In order to leave Croatia officially, it is necessary to complete some paperwork. First, you have to moor stern to the customs quay; then visit the harbour master who checks you have paid your cruising tax; then pay your respects to the port police who check your crew list and passports. It all takes quite a while especially when boats ahead of you on the quay are getting snagged on each other’s anchors and you, meanwhile, are having to motor round and round in circles whilst they sort themselves out. Hey ho!
So, we left later than expected to sail to Montenegro. There wasn’t so much wind and what there was, was predictably blowing towards us. We sailed some and motored some.
Whilst completing the engine checks this morning Ian noticed that water was leaking into the sail drive. It is not good when salt water gets in to those delicate gears and so we knew we had to find a yard to lift us out and replace the seal, etc. We contacted a yard in Dubrovnik to the north and one in Montenegro. The Navar Yacht Services Tivat in Montenegro offered a very good price to lift us out fix the problem and put us back in. We wanted to go there anyway so it made sense to head south.
We arrived in Zelenika where we had to check into Montenegro. This took some time and so we arrived at our chosen anchorage just as it was getting dark. We anchored in a bay south of Sv Marko island which used to be a Club Med Resort before the civil war and is now derelict. The holding was excellent and the shelter from the north also good.
We spent a couple of nights here prior to motoring towards the boatyard We met up with Tim, Katie and Molly on Monty B who run a day charter company around the Bay and who know lots of our friends from Marina di Ragusa, where we over-winter Linea.
We had an appointment for 1000h in the yard. The weather was perfect and we reversed into the slips with ease. Within an hour and forty minutes we were being lowered back into the water. Fixed again!!
For the next few days we explored the bay of Kotor. Its dramatic surrounding black mountains truly are remarkable. We headed north past two islands with churches on them and anchored in a bay at the mouth of a small river. Ashore we found an old mill building which still uses the power of the river water to turn the olive press wheel.
Next day, we motored past the church islands to get a better view and headed further into the bay down to the town of Kotor. We were able to anchor off in the bay well out of the way of the three visiting cruise ships.
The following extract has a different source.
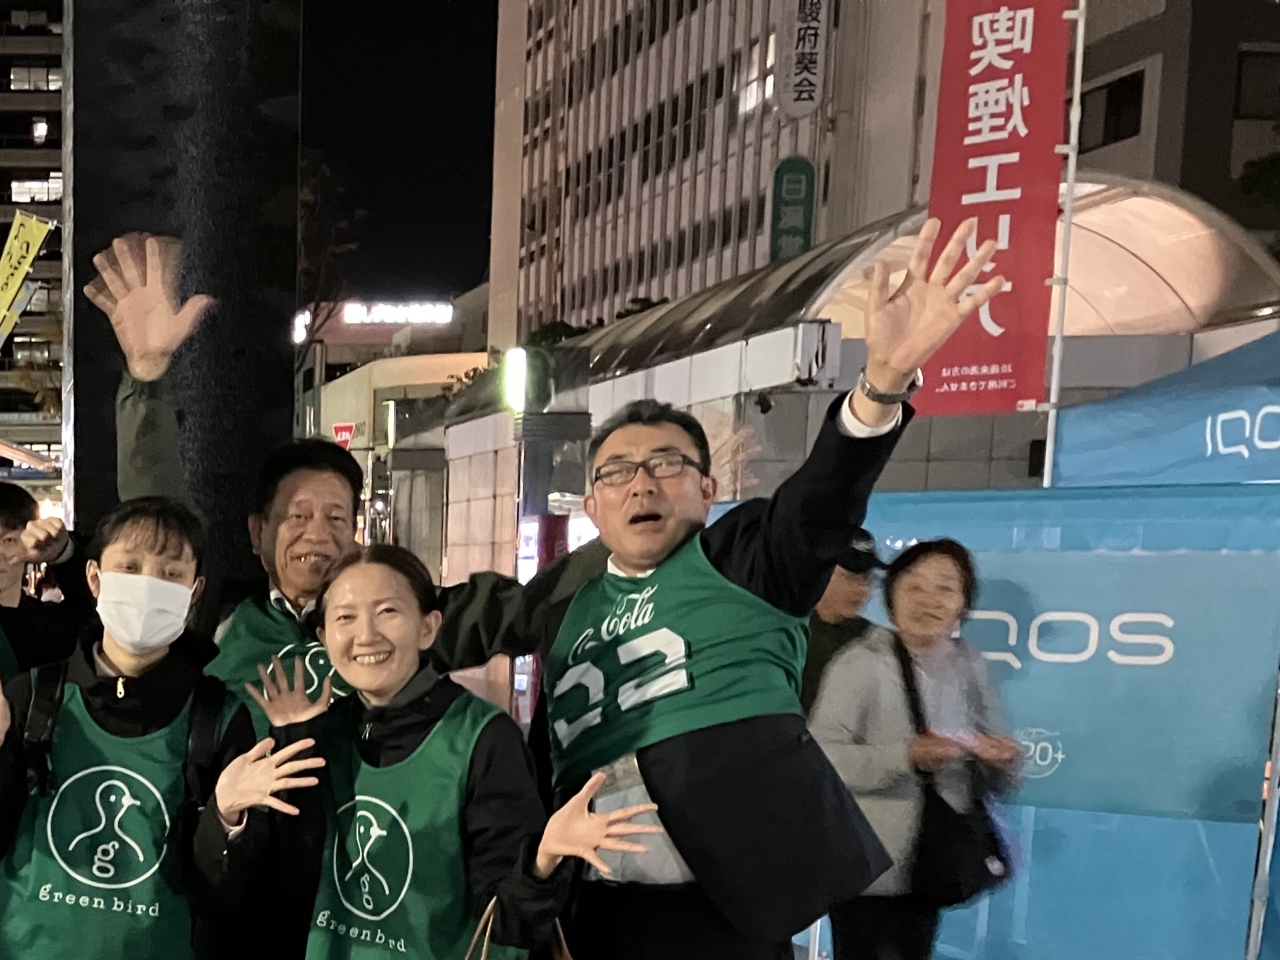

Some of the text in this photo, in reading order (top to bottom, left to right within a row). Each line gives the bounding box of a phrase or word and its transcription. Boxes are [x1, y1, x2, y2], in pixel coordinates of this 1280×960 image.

Here there is a walled town rather like a mini Dubrovnik. We enjoyed an evening stroll around the town but were determined to come back early in the morning so that we could walk around in complete peace before the cruise ship passengers were disgorged.
On our return we found a fantastic market and met some guys who had just come back from harvesting mussels. We bought a kilo of mussels for tea for an astronomical 3 Euros.
After a couple of days here we moved back to Tivat because we had arranged to hire a car to explore further inland.
We had a good walk along the impressive promenade at Tivat, past the pristine superyacht harbour with its designer shops and along to the Maritime Museum. Here we happened upon a tour which was about to start around a Yugoslavian submarine. What an interesting half hour. The guide explained all about the submarine in impecable English and Italian. I even got to look in the periscope!
We met Bojan the car hire guy and picked up the car. First job was to get the gas bottle refilled which we did at an INA gas station close to the boat yard. We were then able to re-stock the larder at a huge supermarket. Jobs done we headed back to the boat.
We were up early next day and drove from Tivat to Budva on the south coast of Montenegro. Although the touristy Stari Grad old town was quite quaint the rest of Budva held little or no appeal for either of us and we couldn’t wait to leave. We drove up to Cetingje which is the former capital of Montenegro and is at a higher elevation and delightfully cool. The streets are largely pedestrianised and the buildings painted in various pastel shades. Its streets are lined with trees and there are many parks. The old embassy buildings are still there and fairly well preserved, housing a variety of museums. We enjoyed wandering round there for a couple of hours. It was very charming.
Next stop was the Lovcen National Park. The road continued to rise up the mountain side and the vegetation became increasingly sparse. There were pine trees and more rocky terrain. Such buildings as there were had a distinctly alpine look. Round the next bend we spotted a T bar and fields which are clearly pistes in winter.
We jumped out at the Visitor Welcome Centre but were rather underwhelmed at the total lack of interest in us or lack of any information about walking trails and so on. We accidentally came across a ‘Bare Foot Trail’.
Ah, we thought, this is more like it.. However, on closer inspection it was totally ruined and neglected. Such a pity because there was massive potential for any number of activities in this huge and beautiful park.
Further up the road we made a sharp turn to the left on a brand new road. Not even evident on Google maps. It led us down the mountain towards Kotor. It would have been impossible to get lost because we could see an incredible vista beneath us. Both the Kotor and Tivat bays were fully visible though the clothes. Cruise ships were dots below us. We could even make out Linea – a tiny speck far below.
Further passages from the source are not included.